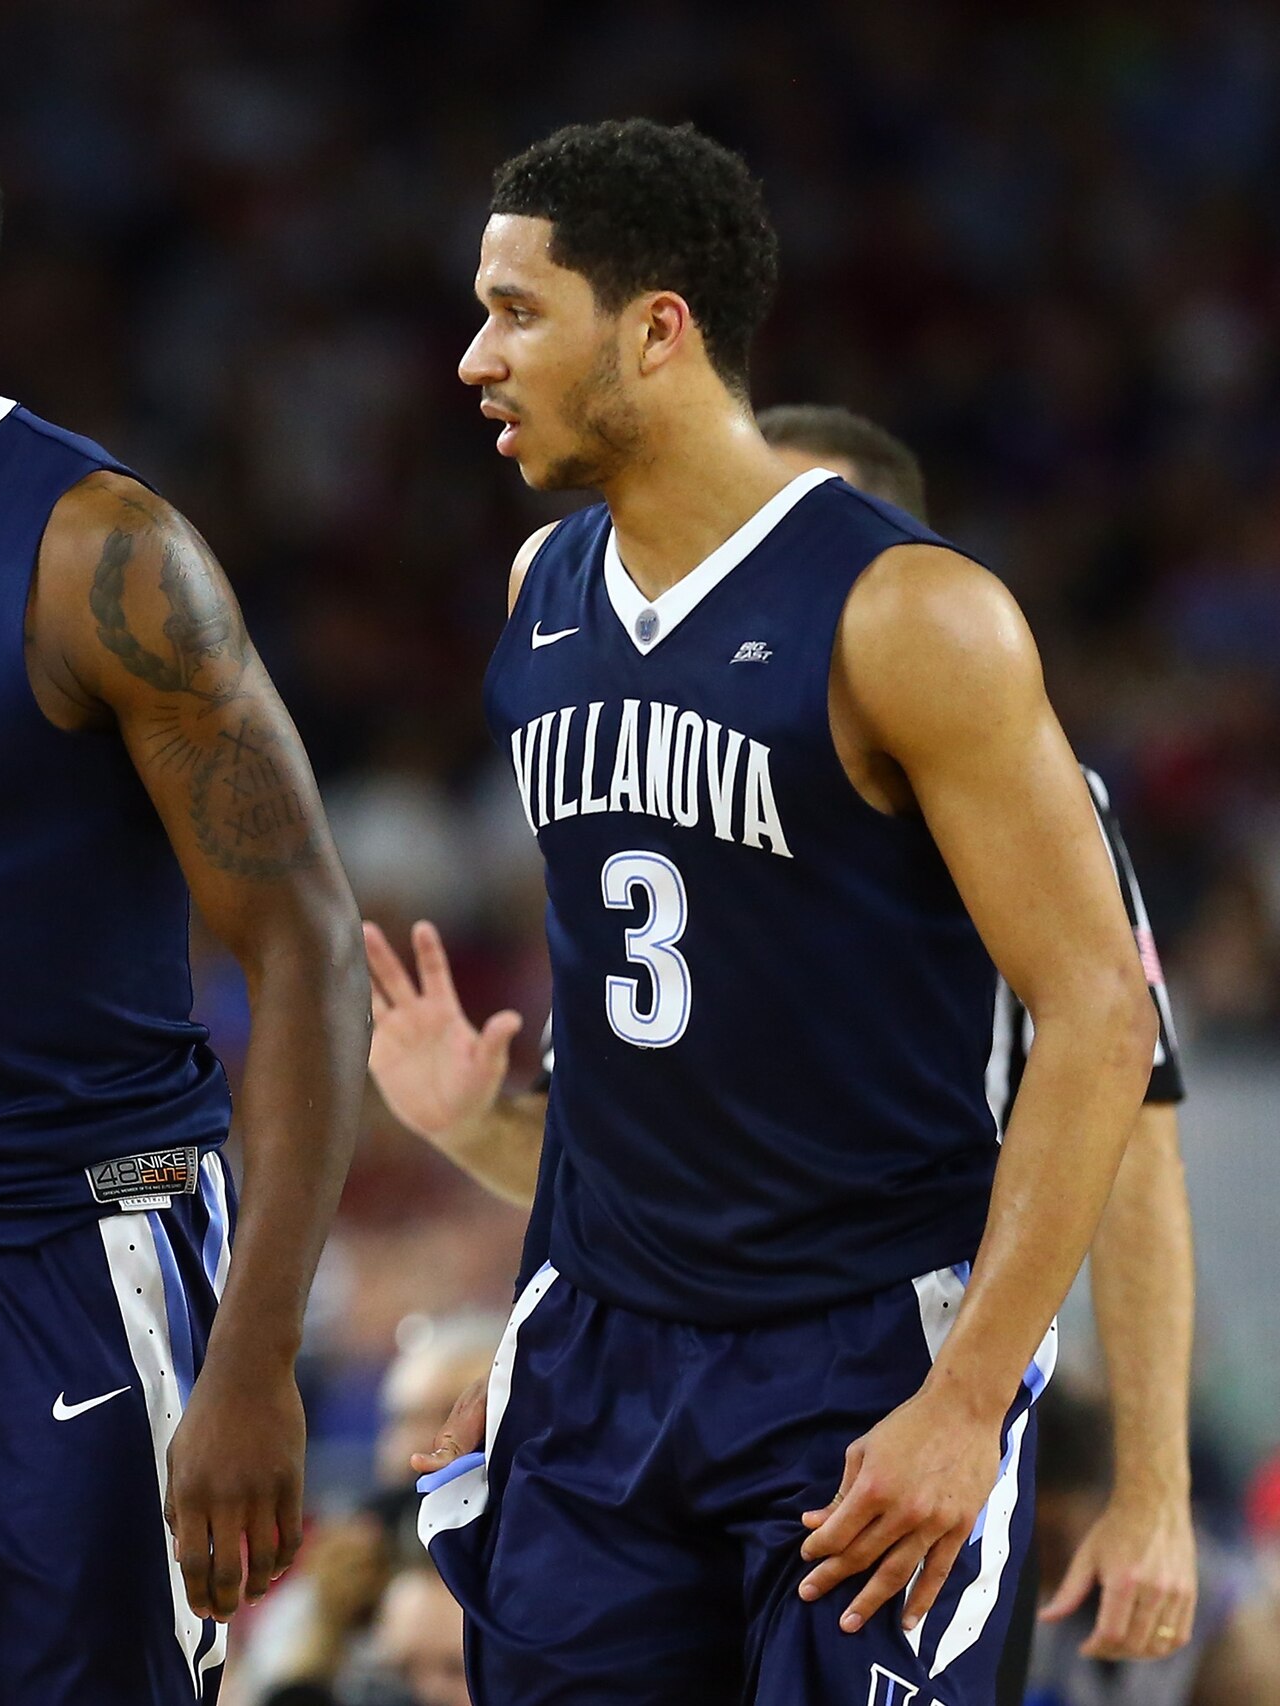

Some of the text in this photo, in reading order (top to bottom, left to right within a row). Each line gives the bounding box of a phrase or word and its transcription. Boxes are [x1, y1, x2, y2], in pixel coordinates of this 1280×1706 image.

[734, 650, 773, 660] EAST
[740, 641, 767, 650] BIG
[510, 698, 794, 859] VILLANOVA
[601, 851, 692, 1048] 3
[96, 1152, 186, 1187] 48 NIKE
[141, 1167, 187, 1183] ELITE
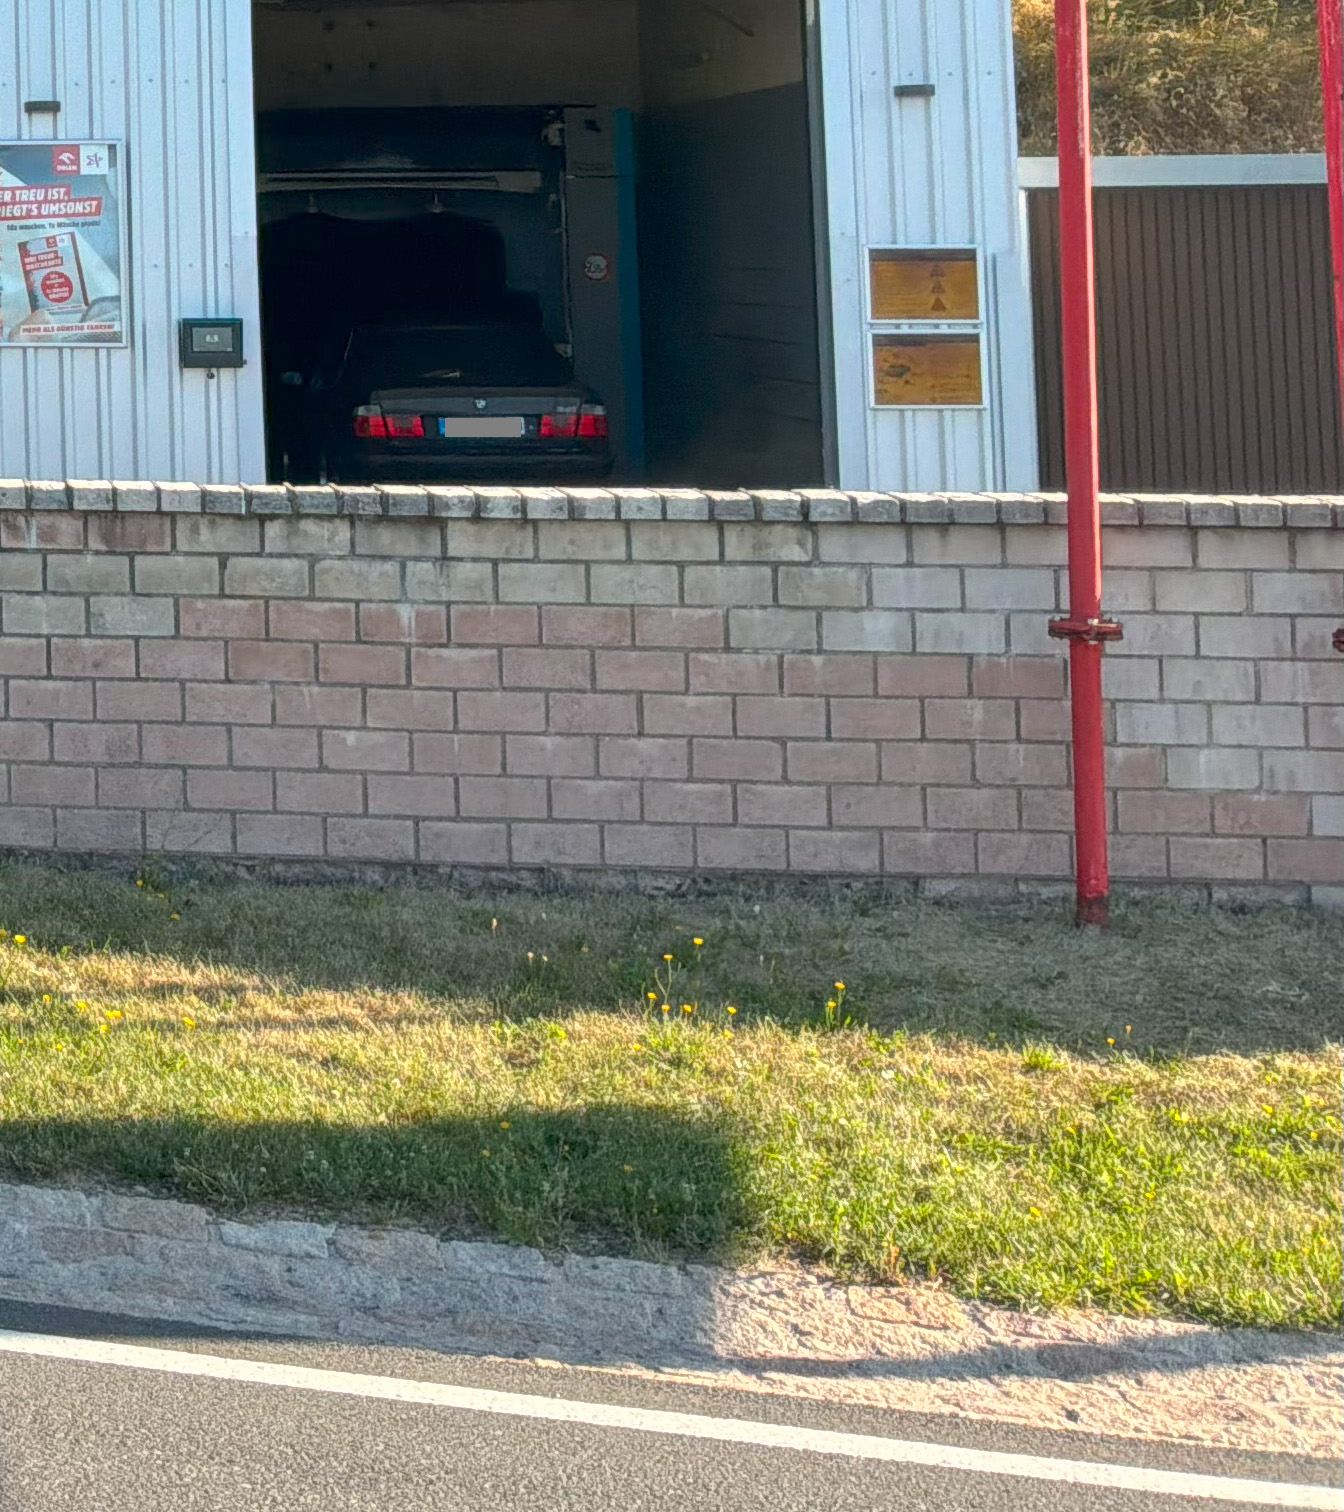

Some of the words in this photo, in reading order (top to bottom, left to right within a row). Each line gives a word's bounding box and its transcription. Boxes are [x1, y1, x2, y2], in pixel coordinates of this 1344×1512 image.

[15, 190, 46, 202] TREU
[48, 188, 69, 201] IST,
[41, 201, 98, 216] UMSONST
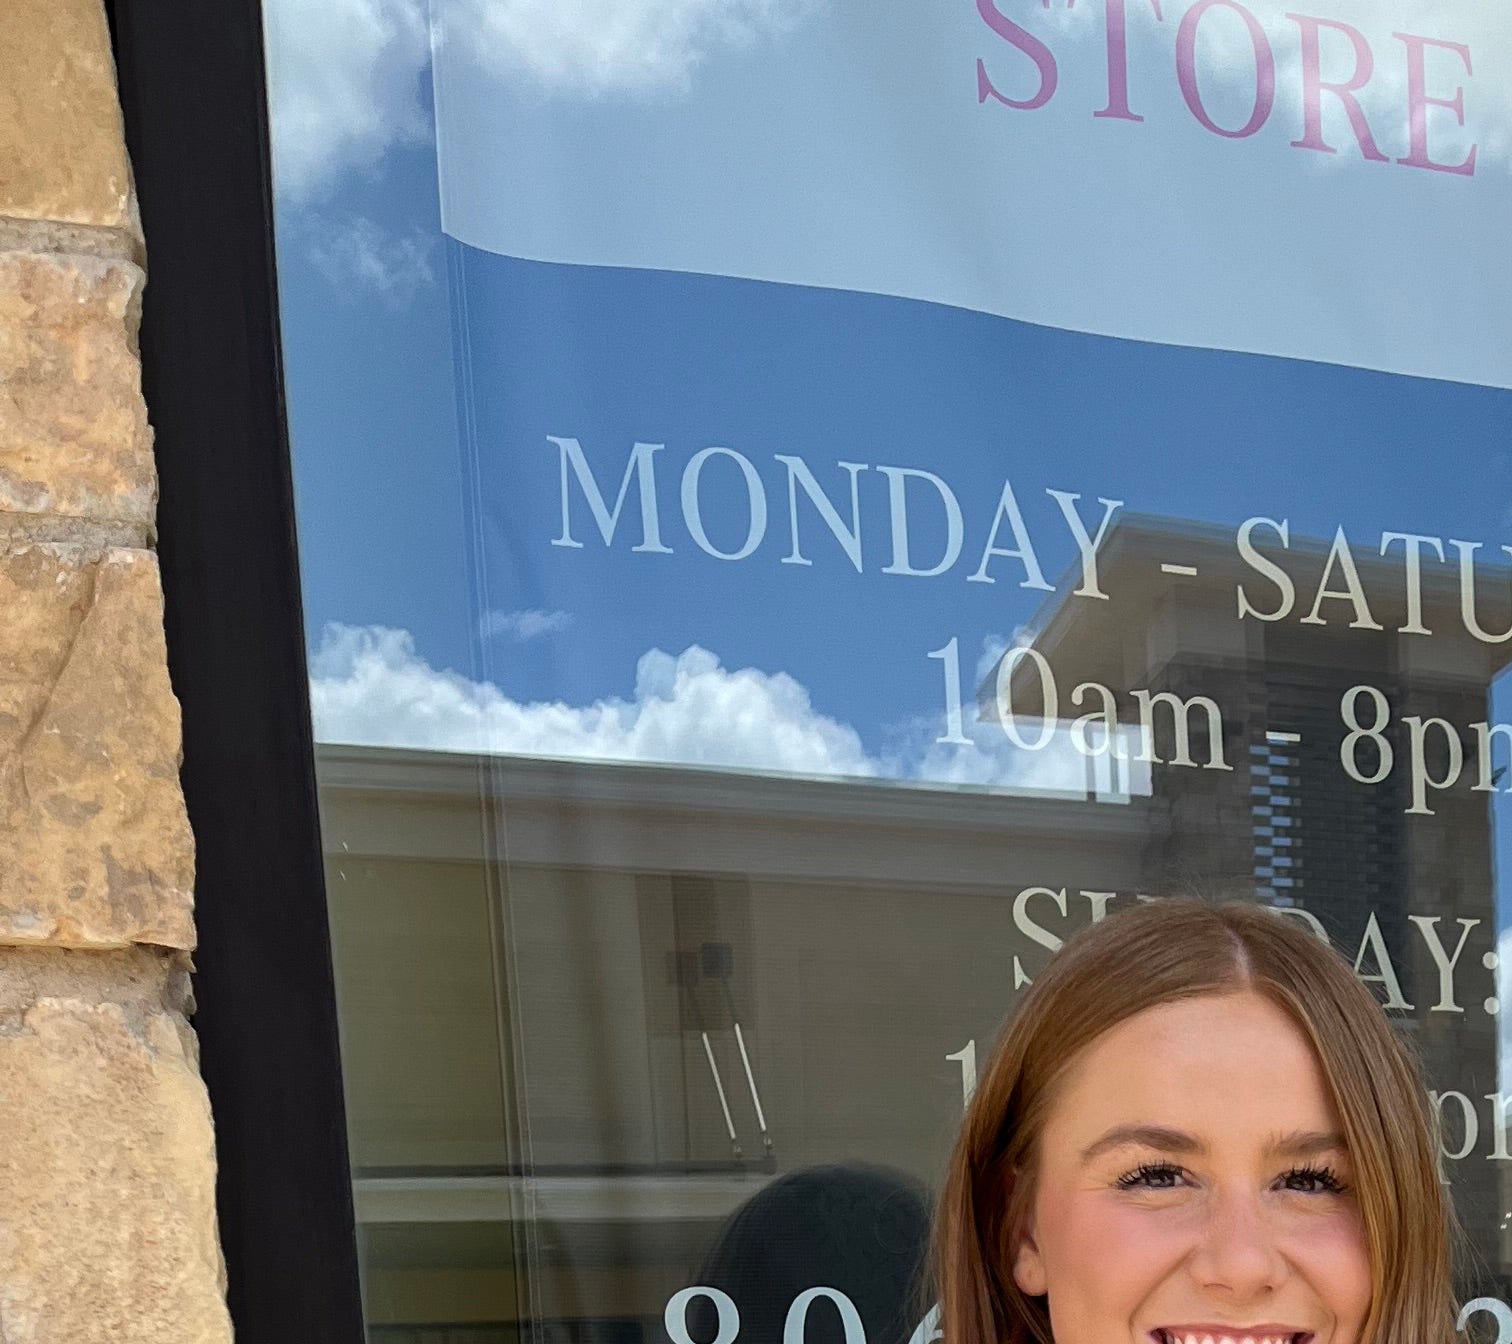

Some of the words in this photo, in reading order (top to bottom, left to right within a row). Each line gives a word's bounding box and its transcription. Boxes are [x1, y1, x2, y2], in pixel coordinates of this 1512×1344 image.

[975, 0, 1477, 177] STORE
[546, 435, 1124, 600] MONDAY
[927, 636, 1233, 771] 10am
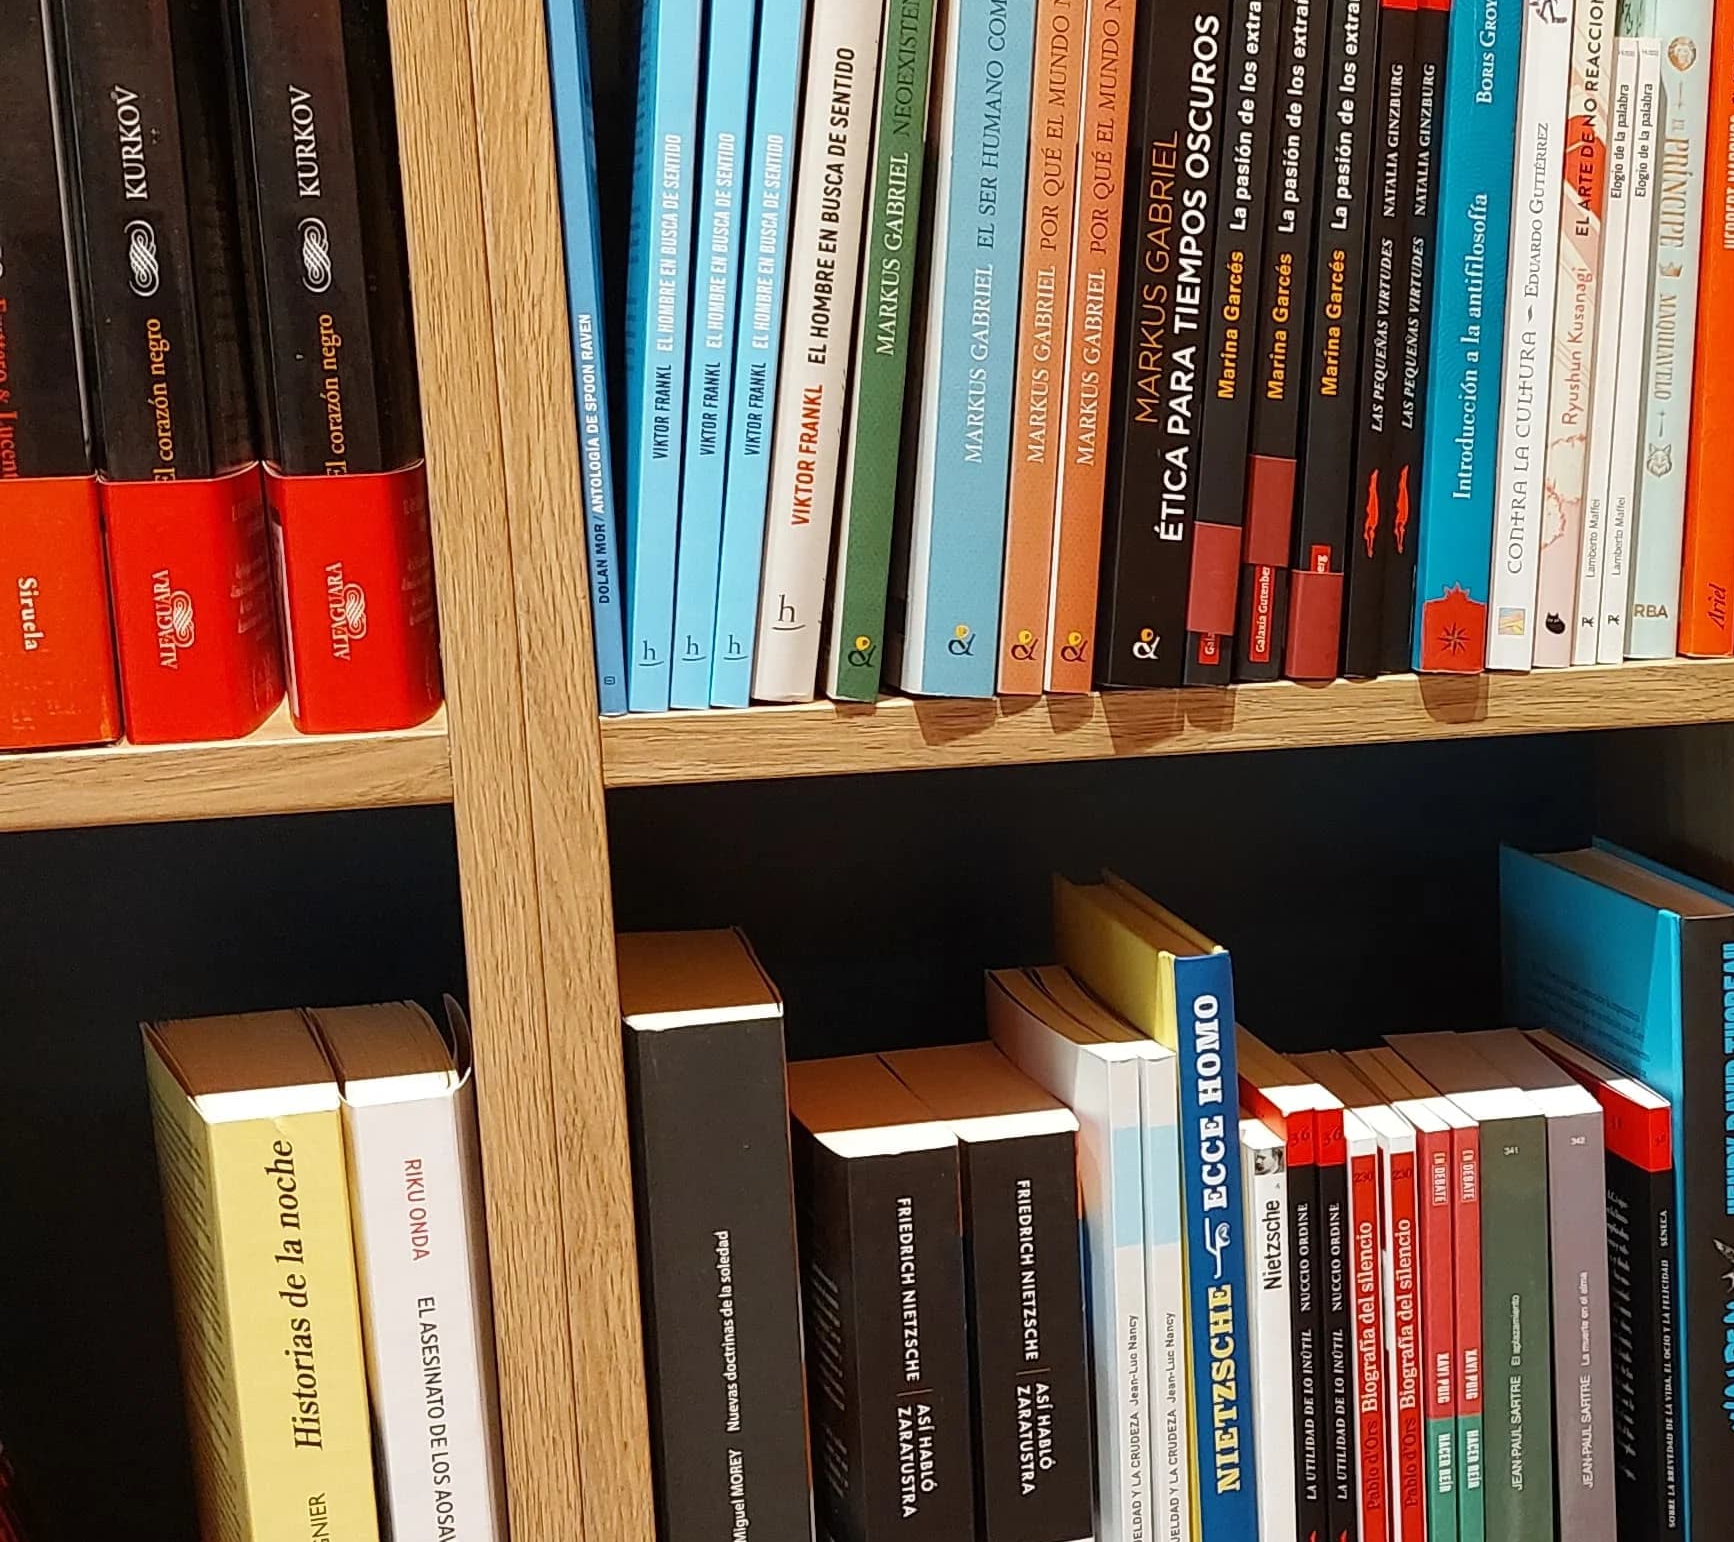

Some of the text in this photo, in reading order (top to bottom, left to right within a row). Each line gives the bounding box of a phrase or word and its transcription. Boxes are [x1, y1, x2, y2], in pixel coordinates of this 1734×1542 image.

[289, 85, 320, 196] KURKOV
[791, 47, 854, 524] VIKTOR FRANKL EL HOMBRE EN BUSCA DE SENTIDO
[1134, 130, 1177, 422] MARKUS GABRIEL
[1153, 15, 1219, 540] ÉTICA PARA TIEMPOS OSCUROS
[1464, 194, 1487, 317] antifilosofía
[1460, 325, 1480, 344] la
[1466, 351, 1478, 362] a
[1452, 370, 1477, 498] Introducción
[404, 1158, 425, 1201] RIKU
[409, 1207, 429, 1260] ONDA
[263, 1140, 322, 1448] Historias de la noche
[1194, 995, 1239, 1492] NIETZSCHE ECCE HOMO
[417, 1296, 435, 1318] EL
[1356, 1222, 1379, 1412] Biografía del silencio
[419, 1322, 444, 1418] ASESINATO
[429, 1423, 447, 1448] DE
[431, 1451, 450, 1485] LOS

+ + + + + + +

▶ Problem requirements
What is needed here is an exact copy of every record, with the pictures left out.

▶ Result
Some of the text in this photo, in reading order (top to bottom, left to right within a row). Each line gives the bounding box of a phrase or word and its transcription. Boxes are [x1, y1, x2, y2], in pixel coordinates of this 1280×1706 image.

[734, 650, 773, 660] EAST
[740, 641, 767, 650] BIG
[510, 698, 794, 859] VILLANOVA
[601, 851, 692, 1048] 3
[96, 1152, 186, 1187] 48 NIKE
[141, 1167, 187, 1183] ELITE

Some of the words in this photo, in reading order (top to bottom, left to right within a row). Each line gives a word's bounding box and its transcription. Boxes are [x1, y1, x2, y2], in pixel coordinates of this 1344×1512 image.

[15, 190, 46, 202] TREU
[48, 188, 69, 201] IST,
[41, 201, 98, 216] UMSONST

Some of the words in this photo, in reading order (top to bottom, left to right within a row). Each line gives a word's bounding box and its transcription. Boxes are [x1, y1, x2, y2], in pixel coordinates of this 1512×1344 image.

[975, 0, 1477, 177] STORE
[546, 435, 1124, 600] MONDAY
[927, 636, 1233, 771] 10am

Some of the text in this photo, in reading order (top to bottom, left to right within a row). Each line gives the bounding box of a phrase or word and its transcription. Boxes are [x1, y1, x2, y2], in pixel coordinates of this 1734×1542 image.

[289, 85, 320, 196] KURKOV
[791, 47, 854, 524] VIKTOR FRANKL EL HOMBRE EN BUSCA DE SENTIDO
[1134, 130, 1177, 422] MARKUS GABRIEL
[1153, 15, 1219, 540] ÉTICA PARA TIEMPOS OSCUROS
[1464, 194, 1487, 317] antifilosofía
[1460, 325, 1480, 344] la
[1466, 351, 1478, 362] a
[1452, 370, 1477, 498] Introducción
[404, 1158, 425, 1201] RIKU
[409, 1207, 429, 1260] ONDA
[263, 1140, 322, 1448] Historias de la noche
[1194, 995, 1239, 1492] NIETZSCHE ECCE HOMO
[417, 1296, 435, 1318] EL
[1356, 1222, 1379, 1412] Biografía del silencio
[419, 1322, 444, 1418] ASESINATO
[429, 1423, 447, 1448] DE
[431, 1451, 450, 1485] LOS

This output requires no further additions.